▶ **Exercise brief**
Print every line below exactly. Skip the pictures.

***** Material shown *****

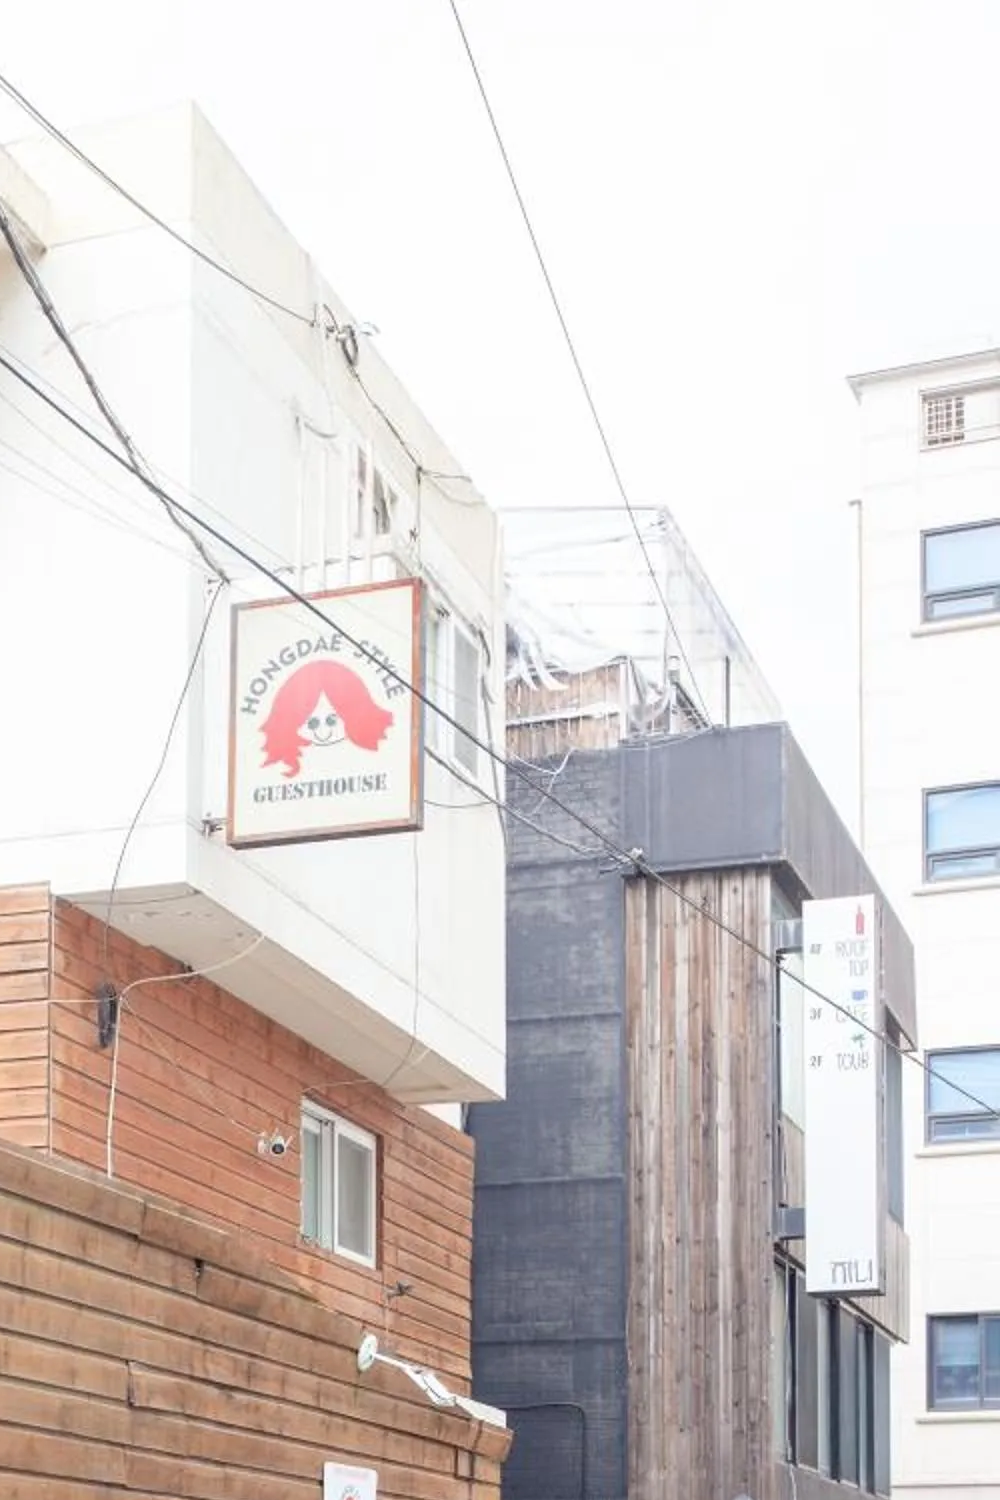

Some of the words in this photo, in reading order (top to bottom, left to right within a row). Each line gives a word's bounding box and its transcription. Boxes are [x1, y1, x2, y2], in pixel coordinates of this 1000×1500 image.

[241, 633, 343, 715] HONGDAE
[353, 640, 405, 700] STYLE
[253, 773, 387, 803] GUESTHOUSE
[849, 959, 869, 977] TOP
[810, 1055, 823, 1067] 2F

*****

▶ **Exercise result**
Some of the words in this photo, in reading order (top to bottom, left to right within a row). Each line gives a word's bounding box and its transcription. Boxes are [x1, y1, x2, y2], in pixel coordinates of this 1000×1500 image.

[241, 633, 343, 715] HONGDAE
[353, 640, 405, 700] STYLE
[253, 773, 387, 803] GUESTHOUSE
[849, 959, 869, 977] TOP
[810, 1055, 823, 1067] 2F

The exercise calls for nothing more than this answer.